= What needs to be done =
Since pictures do not belong in the copy, please repeat every record below exactly without them.

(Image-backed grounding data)

----

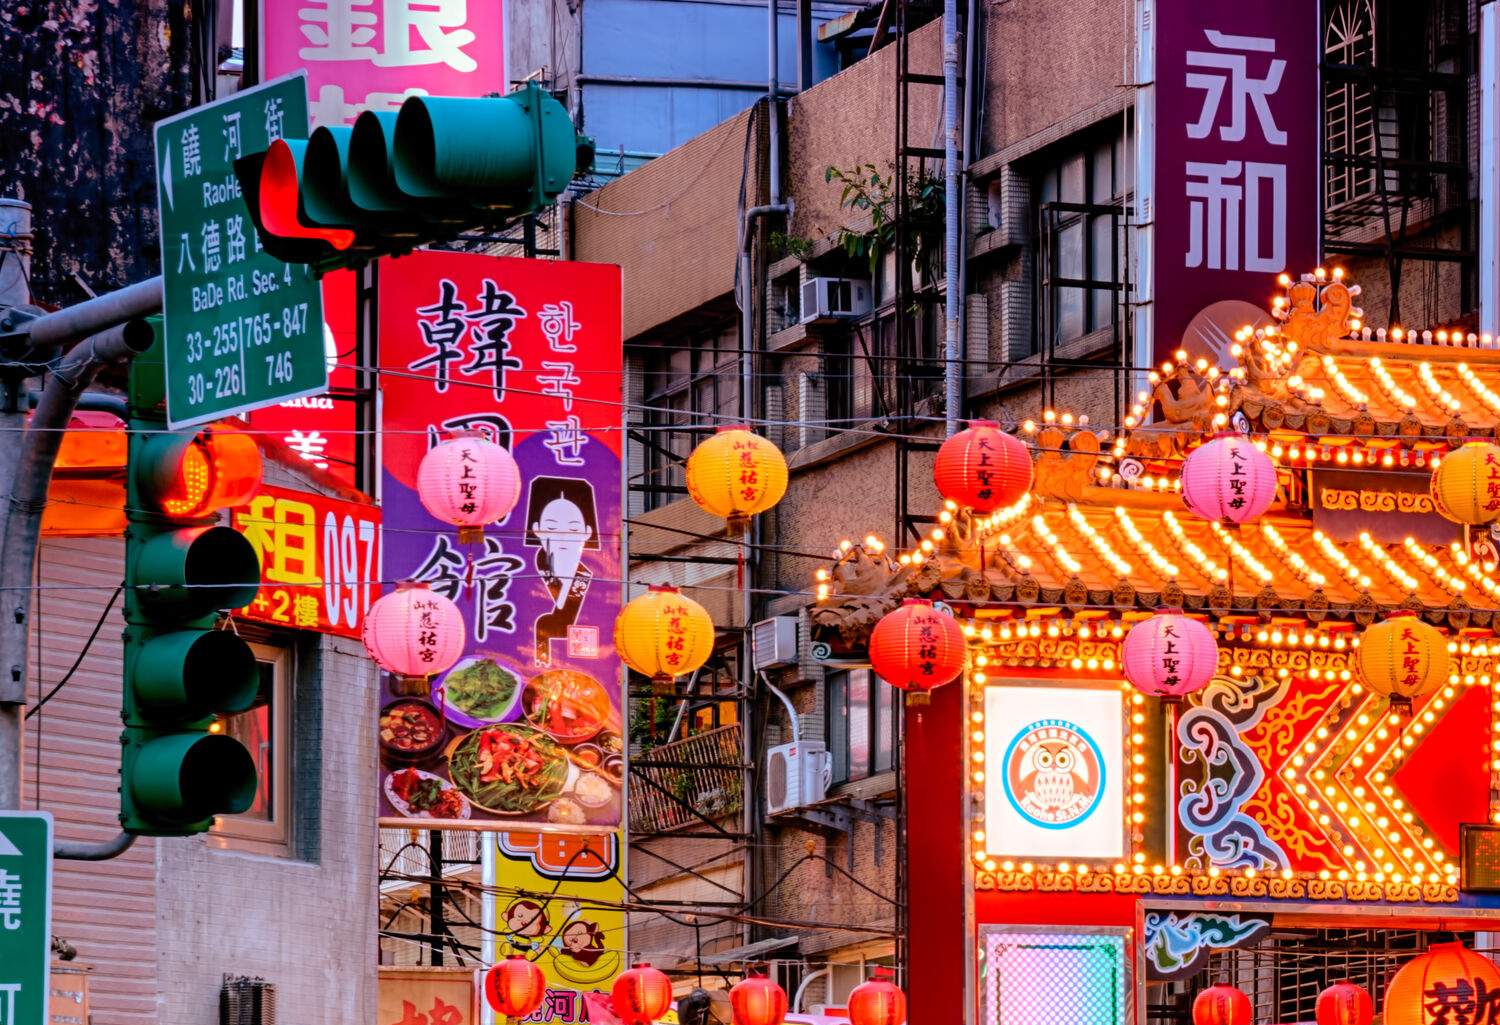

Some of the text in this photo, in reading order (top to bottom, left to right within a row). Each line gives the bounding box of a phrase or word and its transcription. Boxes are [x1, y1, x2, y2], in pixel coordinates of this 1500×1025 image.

[1185, 28, 1289, 274] 永和
[177, 214, 264, 276] 八德路
[192, 262, 292, 312] BaDe Rd. Sec. 4
[186, 302, 309, 364] 33-255 765-847
[188, 363, 240, 405] 30-226
[265, 351, 293, 386] 746
[535, 300, 591, 468] 한국관
[323, 511, 382, 630] 097
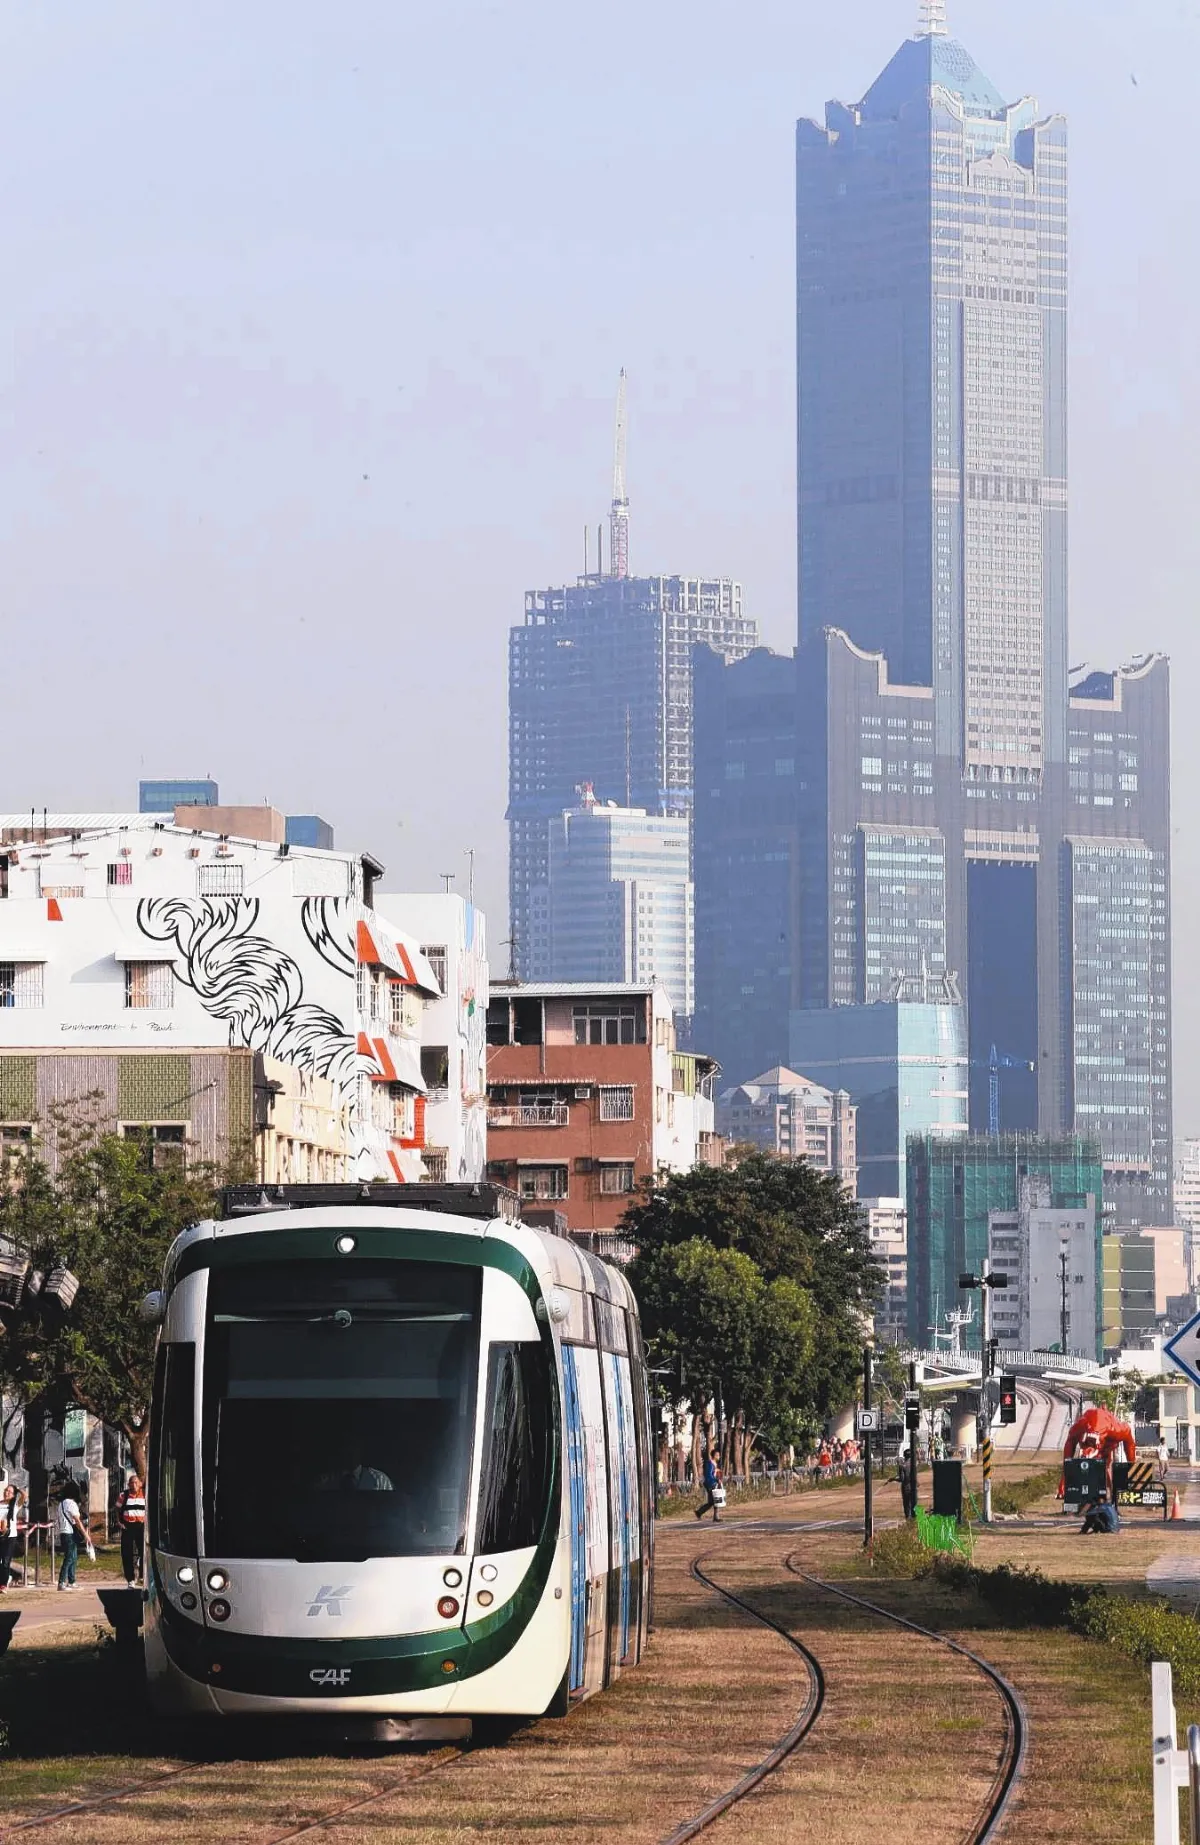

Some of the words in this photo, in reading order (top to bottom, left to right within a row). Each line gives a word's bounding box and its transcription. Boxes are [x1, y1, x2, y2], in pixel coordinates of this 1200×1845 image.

----

= Response to this exercise =
Some of the text in this photo, in reading order (top to bottom, left to right within a row). Each line gives the bounding box of a phrase or word and its transcription. Boxes are [x1, y1, x2, y2], in pixel coordinates of this 1500×1025 image.

[1185, 28, 1289, 274] 永和
[177, 214, 264, 276] 八德路
[192, 262, 292, 312] BaDe Rd. Sec. 4
[186, 302, 309, 364] 33-255 765-847
[188, 363, 240, 405] 30-226
[265, 351, 293, 386] 746
[535, 300, 591, 468] 한국관
[323, 511, 382, 630] 097

Some of the words in this photo, in reading order (top to bottom, left to right within a row). Each line gives a word's bounding box and its transcription. Boxes are [x1, y1, x2, y2], in pixel coordinates of this 1200×1845 image.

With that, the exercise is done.